SL: With the struggle of the abolitionists against slavery ultimately culminating in the Civil War in the 19th century and then again in 1920s and 1930s with the campaigns of the Communist Party, the history of the American left and the struggle to overcome racism are intimately bound together. The same can be said of the Civil Rights Movement in the 20th century. How do you think that that is changing? I don’t want to affirm the idea that racism has come to an end in the United States, but surely it has changed. Also, in some ways that legacy has become an obstacle inasmuch as people lack a vocabulary for talking about injustice except as racism. Is racism a category we know how to use adequately anymore?

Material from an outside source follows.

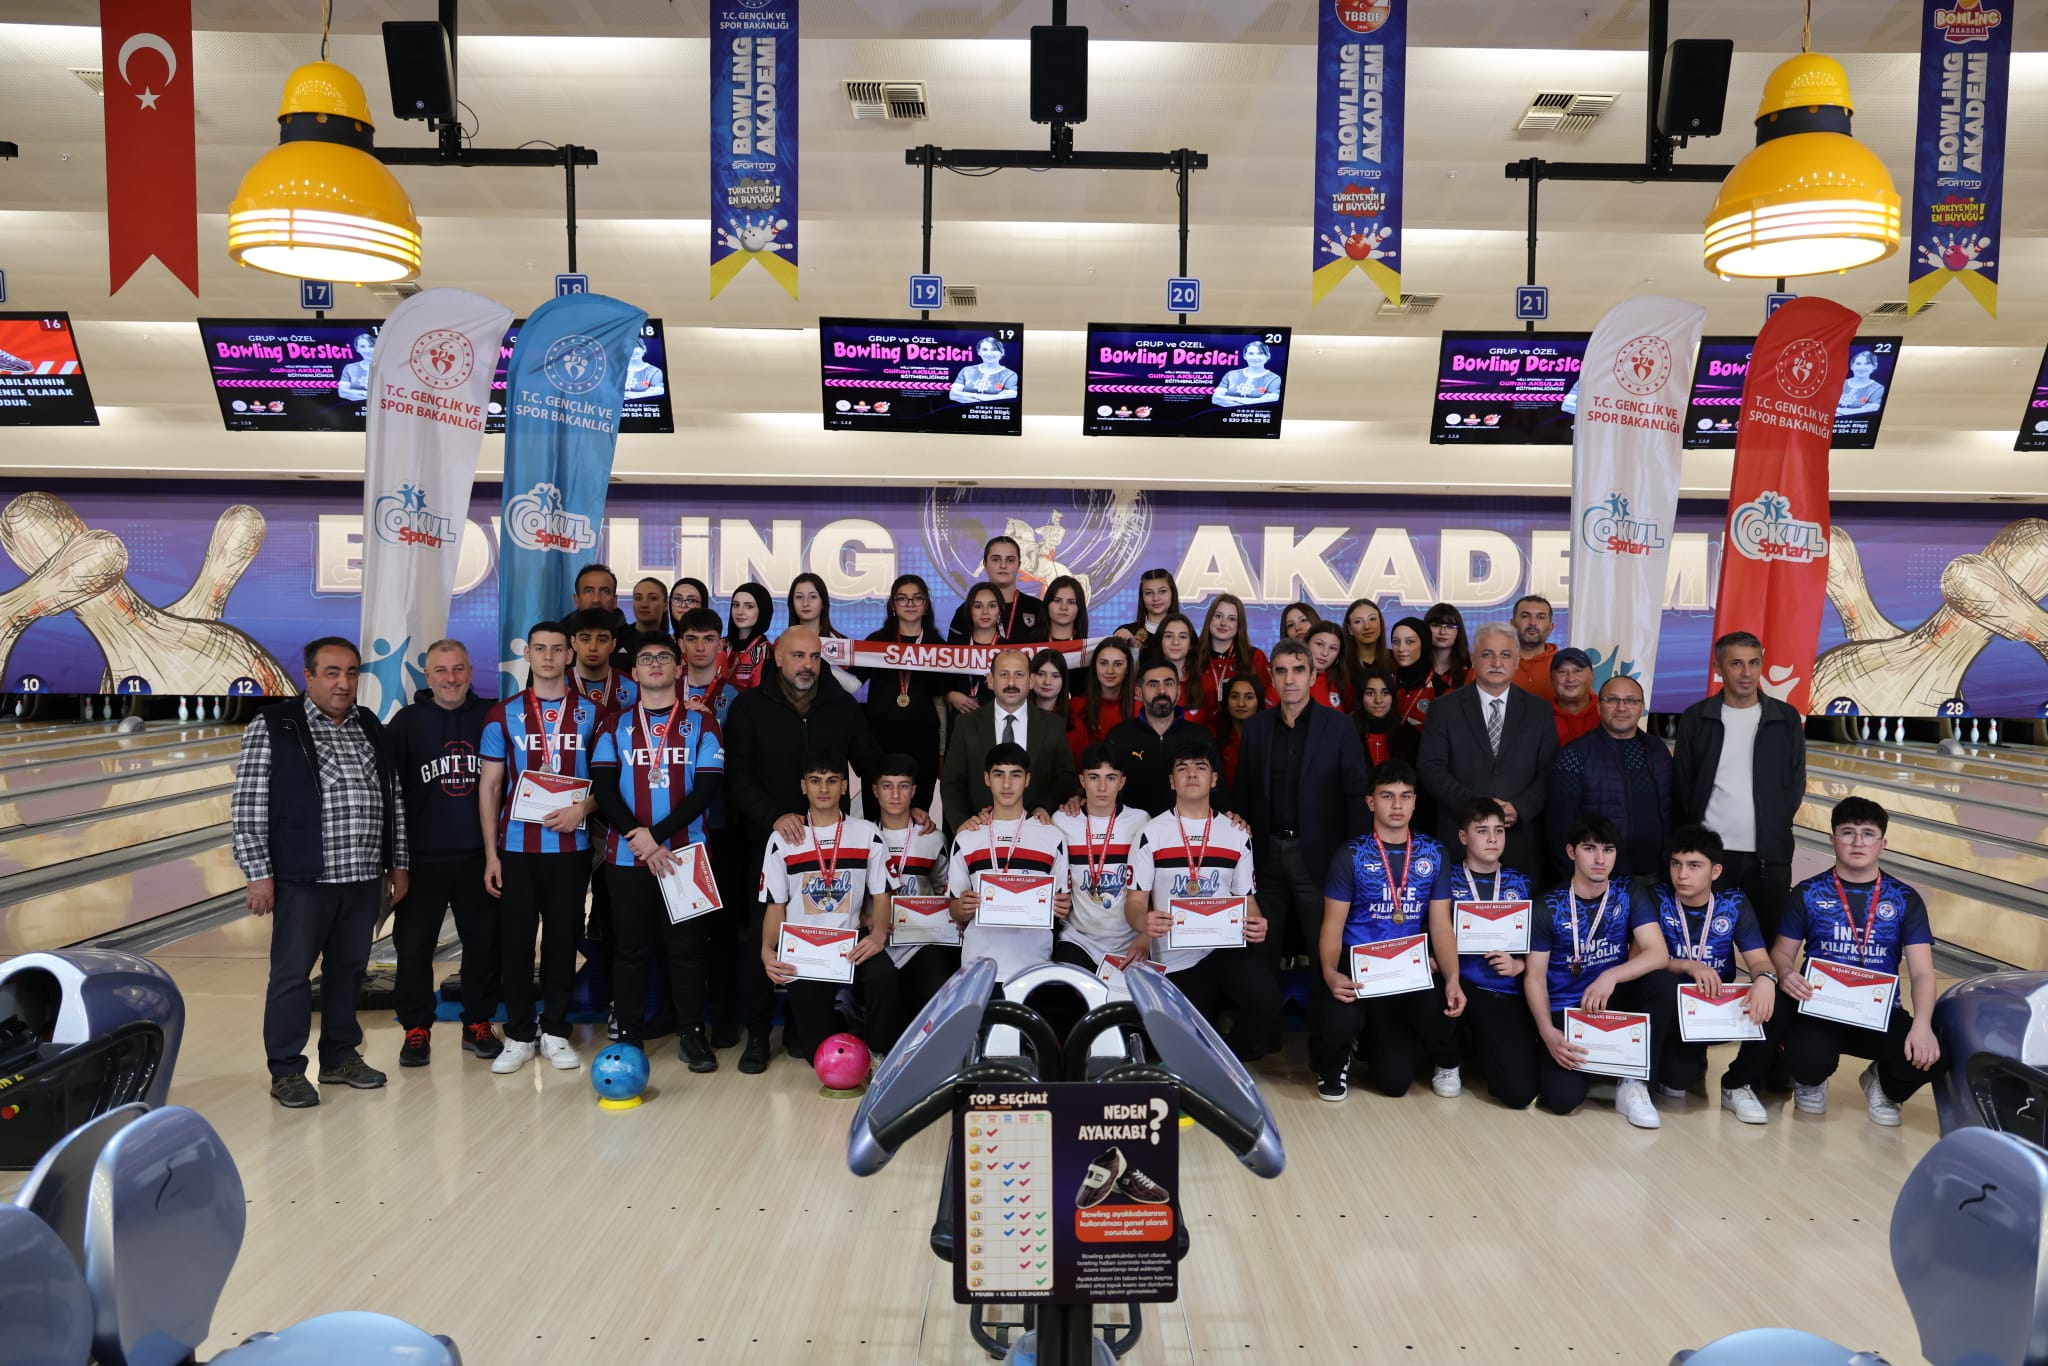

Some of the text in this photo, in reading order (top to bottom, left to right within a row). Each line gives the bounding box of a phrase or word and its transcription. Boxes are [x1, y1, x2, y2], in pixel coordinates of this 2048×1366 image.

CW: Absolutely. During slavery, of course, the language of racism was primarily one of white supremacist enslavement of black people. Then you break the back of slavery, and here comes slavery by another name, it’s called Jim Crow and Jane Crow, American terrorism. That was the case up until the 1960s. We broke the back of Jim Crow, but since then a new Jim Crow has begun to emerge in a very intense way. The prison industrial complex is tied to poverty, the transformation of neighborhoods into ghettos and “hoods” from which the middle class has escaped. And yet we continue to use the language of racism as if it were still tied to the old Jim Crow, which was a matter of citizens’ rights and of the vote, a matter of gaining access to public space with dignity. But now it is a question of dealing with race as tied to issues of economic injustice and class, and dealing with gender in the plight of women and children. If we use the language of the old Jim Crow, we are primarily talking about voting, if we’re talking about the new Jim Crow we’re talking about prisons and this must lead to discussing structures and institutions in our economy, in our community, and in the mass media. The media today does not even allow us to raise the issue of all the suffering tied to prisons and police brutality. Why? Because we are citizens. Of course one can raise the question: But those who go through the new Jim Crow, are they citizens? Can felons vote? In most cases, no. Can felons get access to jobs and housing? In many states, no. So we need a new language of talking about racism that is not tied to the old Jim Crow. Martin Luther King Jr., Freddy Hampton, Abraham Joshua Heschel, Dorothy Day, Philip Berrigan, they broke the back of the old Jim Crow. That was progress. But here comes a new Jim Crow in the same way the old Jim Crow came right after slavery.

WL: In your interview on Big Think, you spoke of the 1970s and 1980s as a time when the majority of intellectuals embraced neoliberalism while you, Michael Harrington, and Stanley Aronowitz were still reading Lukács. Lukács and the Marxist tradition more generally are absent from intellectual life today. What has happened on the Left to occasion the intellectual bankruptcy of the present? What blocks the intellectual recovery of the history and legacy of the Left? In this context, how do you understand your role in publicly debating Carl Dix on U.S. campuses and in inviting Bob Avakian of the RCP on to a nationally syndicated radio show?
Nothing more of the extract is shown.